Ethoxycarbonylmethyl ethyl phthalate

Administrative data

Endpoint:

eye irritation: in vitro / ex vivo

Type of information:

experimental study

Adequacy of study:

key study

Study period:

12. March 2019 to 11. April 2019

Reliability:

1 (reliable without restriction)

Rationale for reliability incl. deficiencies:

guideline study

Data source

Materials and methods

GLP compliance:

yes (incl. QA statement)

Test material

Test animals / tissue source

Species:

cattle

Strain:

other: Bos primigenius Taurus

Details on test animals or tissues and environmental conditions:

Origin:
Fresh bovine eyes were obtained from the slaughterhouse Müller Fleisch GmbH, Enzstr. 2-4, 75217 Birkenfeld, Germany, on the day of the test. The cattle were between 12 and 60 months old. The eyes were transported to the test facility in Hanks’ Balanced Salt Solution with 1% Penicillin-Streptomycin solution (Penicillin 100 U/mL, Streptomycin 100 μg/mL) in a suitable cooled container within 1 hour and 10 minutes.

Test system

Vehicle:

unchanged (no vehicle)

Controls:

yes, concurrent positive control

yes, concurrent negative control

Amount / concentration applied:

750 μL negative control solution,
750 μL of test item or
750 μL positive control were applied to each replicate

Duration of treatment / exposure:

10 minutes at 32 ± 1 °C

Duration of post- treatment incubation (in vitro):

2 hours at 32 ± 1 °C

Number of animals or in vitro replicates:

For each treatment group (negative control solution, test item or positive control), three replicates were used.

Details on study design:

According to the characteristics of the test item, the “closed chamber-method” was performed.
The test item Ethylphthalyl ethyl glycolate was applied onto the cornea of a bovine eye which had been previously incubated with cMEM without phenol red at 32 ± 1 °C for 1 hour and whose opacity had been measured.
The test item was incubated on the cornea for 10 minutes at 32 ± 1 °C. After removal of the test item and 2 hours post-incubation, opacity and permeability values were measured.
Hank’s Balanced Salt Solution (HBSS) was used as negative control.
Dimethylformamide (DMF) undiluted was used as positive control.

Results and discussion

In vitro

Applicant's summary and conclusion

Interpretation of results:

GHS criteria not met

Conclusions:

Under the conditions of this study, the test item Ethylphthalyl ethyl glycolate showed no effects on the cornea of the bovine eye. The calculated mean IVIS was - 0.56. According to OECD Guideline no. 437 (Oct. 2017), a substance with an IVIS ≤ 3 requires no classification for eye irritation or serious eye damage.

Executive summary:

Evaluation of Ethylphthalyl ethyl glycolate in the Bovine Corneal Opacity and Permeability (BCOP) Test Method following OECD Guideline 437 and EU Method B.47:

One valid experiment was performed.

Bovine corneas were used. They were collected from slaughtered cattle that were between 12 and 60 months old.

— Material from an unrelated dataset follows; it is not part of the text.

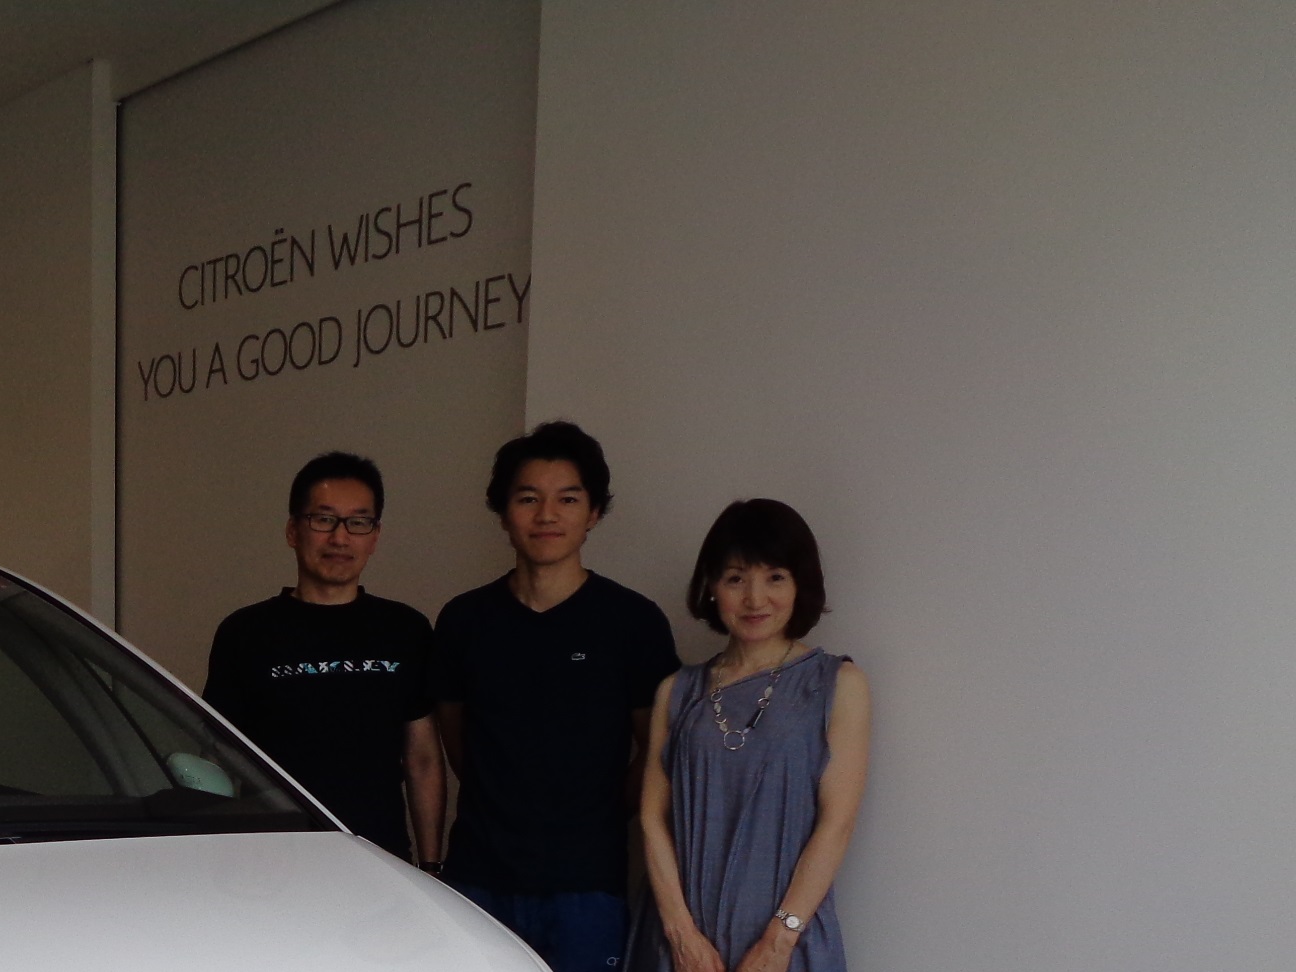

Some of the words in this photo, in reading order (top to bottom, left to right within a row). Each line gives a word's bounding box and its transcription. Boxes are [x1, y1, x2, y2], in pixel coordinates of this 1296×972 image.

The test item Ethylphthalyl ethyl glycolate was applied onto the cornea of a bovine eye which had been previously incubated with cMEM without phenol red at 32 ± 1 °C for 1 hour and whose opacity had been measured.

The test item was incubated on the cornea for 10 minutes at 32 ± 1 °C. After removal of the test item and 2 hours post-incubation, opacity and permeability values were measured.

Hank’s Balanced Salt Solution (HBSS) was used as negative control. The negative control showed no irritating effect on the cornea and the calculated mean IVIS (In Vitro Irritancy Score) was 0.65.

Dimethylformamide (DMF) undiluted was used as positive control. The positive control induced serious eye damage on the cornea and was within two standard deviations of the current historical mean. The calculated mean IVIS was 133.41.

Under the conditions of this study, the test item Ethylphthalyl ethyl glycolate showed no effects on the cornea of the bovine eye. The calculated mean IVIS was - 0.56.

According to OECD Guideline no. 437 (Oct. 2017), a substance with an IVIS ≤ 3 requires no classification for eye irritation or serious eye damage.